We can do this in C# pretty easily using a union. We can even measure the impact it’ll have on our precision. To do so, we’ll start with the float
for 1.0
:
Sign | Exponent | Fraction |
---|---|---|
0 | 01111111 | 00000000000000000000000 |
Then we’ll change more and most of the least-significant digits to 1
:
Sign | Exponent | Fraction |
---|---|---|
0 | 01111111 | 00000000000000000000001 |
0 | 01111111 | 00000000000000000000011 |
0 | 01111111 | 00000000000000000000111 |
0 | 01111111 | 00000000000000000001111 |
To see the result, here’s a tiny script that changes the bits starting at none and gradually changing them all:
using System; using System.Runtime.InteropServices; using System.Text; using UnityEngine; [StructLayout(LayoutKind.Explicit)] struct UintFloatUnion { [FieldOffset(0)] public uint Uint; [FieldOffset(0)] public float Float; } class TestScript : MonoBehaviour { void Start() { StringBuilder sb = new StringBuilder(); for (int i = 0; i <= 23; ++i) { uint u = 0b00111111100000000000000000000000; // == 1.0 u |= (1u << i) - 1; // Change the least significant 'i' bits to 1 // Reinterpret as float UintFloatUnion ufu; ufu.Float = 0; ufu.Uint = u; float f = ufu.Float; if (i < 10) { sb.Append(' '); } sb.Append(i); sb.Append(": "); sb.Append(f.ToString("0." + new string('0', 30))); sb.Append('n'); } print(sb.ToString()); } }
When we run this, we get these results:
0: 1.000000000000000000000000000000 1: 1.000000000000000000000000000000 2: 1.000000000000000000000000000000 3: 1.000001000000000000000000000000 4: 1.000002000000000000000000000000 5: 1.000004000000000000000000000000 6: 1.000008000000000000000000000000 7: 1.000015000000000000000000000000 8: 1.000030000000000000000000000000 9: 1.000061000000000000000000000000 10: 1.000122000000000000000000000000 11: 1.000244000000000000000000000000 12: 1.000488000000000000000000000000 13: 1.000976000000000000000000000000 14: 1.001953000000000000000000000000 15: 1.003906000000000000000000000000 16: 1.007812000000000000000000000000 17: 1.015625000000000000000000000000 18: 1.031250000000000000000000000000 19: 1.062500000000000000000000000000 20: 1.125000000000000000000000000000 21: 1.250000000000000000000000000000 22: 1.500000000000000000000000000000 23: 2.000000000000000000000000000000
Unfortunately, float.ToString
isn’t giving us enough precision to gauge the impact.
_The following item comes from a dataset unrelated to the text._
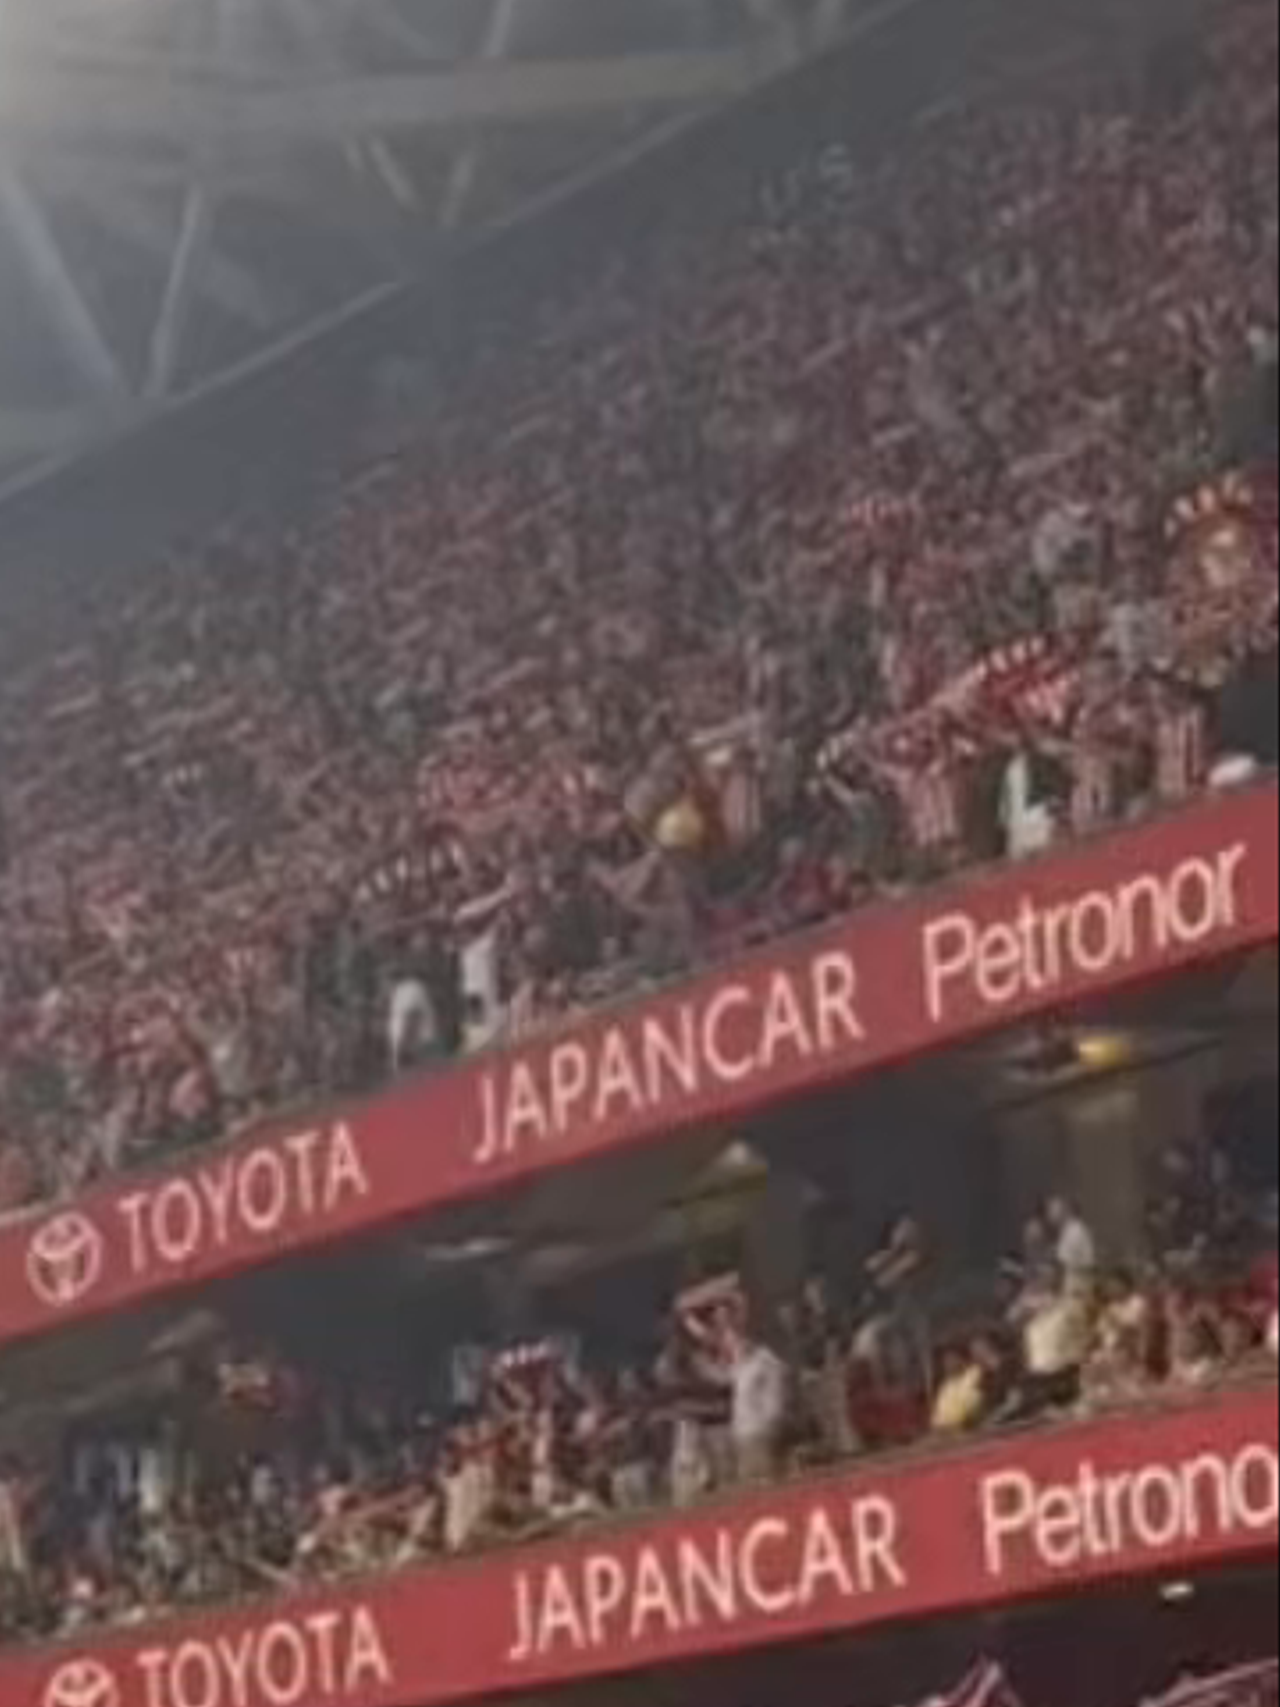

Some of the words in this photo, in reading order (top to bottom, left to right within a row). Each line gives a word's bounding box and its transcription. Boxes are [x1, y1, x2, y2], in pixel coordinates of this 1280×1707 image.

[923, 842, 1246, 1022] Petronor
[472, 950, 867, 1164] JAPANCAR
[117, 1119, 370, 1275] TOYOTA
[508, 1493, 907, 1661] JAPANCAR
Most of the digits are simply 0
. So let’s re-write this script in a tiny C++ command line program:
#include <iostream> #include <iomanip> int main() { std::cout.precision(30); for (unsigned int i = 0; i <= 23; ++i) { unsigned int u = 0b00111111100000000000000000000000; // == 1.0 u |= (1u << i) - 1; // Change the least significant 'i' bits to 1 float f = *(float*)(&u); // Reinterpret as float std::cout << std::setw(2) << i << ": " << std::fixed << f << 'n'; } }
Now here’s what we get:
0: 1.000000000000000000000000000000 1: 1.000000119209289550781250000000 2: 1.000000357627868652343750000000 3: 1.000000834465026855468750000000 4: 1.000001788139343261718750000000 5: 1.000003695487976074218750000000 6: 1.000007510185241699218750000000 7: 1.000015139579772949218750000000 8: 1.000030398368835449218750000000 9: 1.000060915946960449218750000000 10: 1.000121951103210449218750000000 11: 1.000244021415710449218750000000 12: 1.000488162040710449218750000000 13: 1.000976443290710449218750000000 14: 1.001953005790710449218750000000 15: 1.003906130790710449218750000000 16: 1.007812380790710449218750000000 17: 1.015624880790710449218750000000 18: 1.031249880790710449218750000000 19: 1.062499880790710449218750000000 20: 1.124999880790710449218750000000 21: 1.249999880790710449218750000000 22: 1.499999880790710449218750000000 23: 1.999999880790710449218750000000
That’s a lot more precision! We can now see the impact of using more and more of the digits.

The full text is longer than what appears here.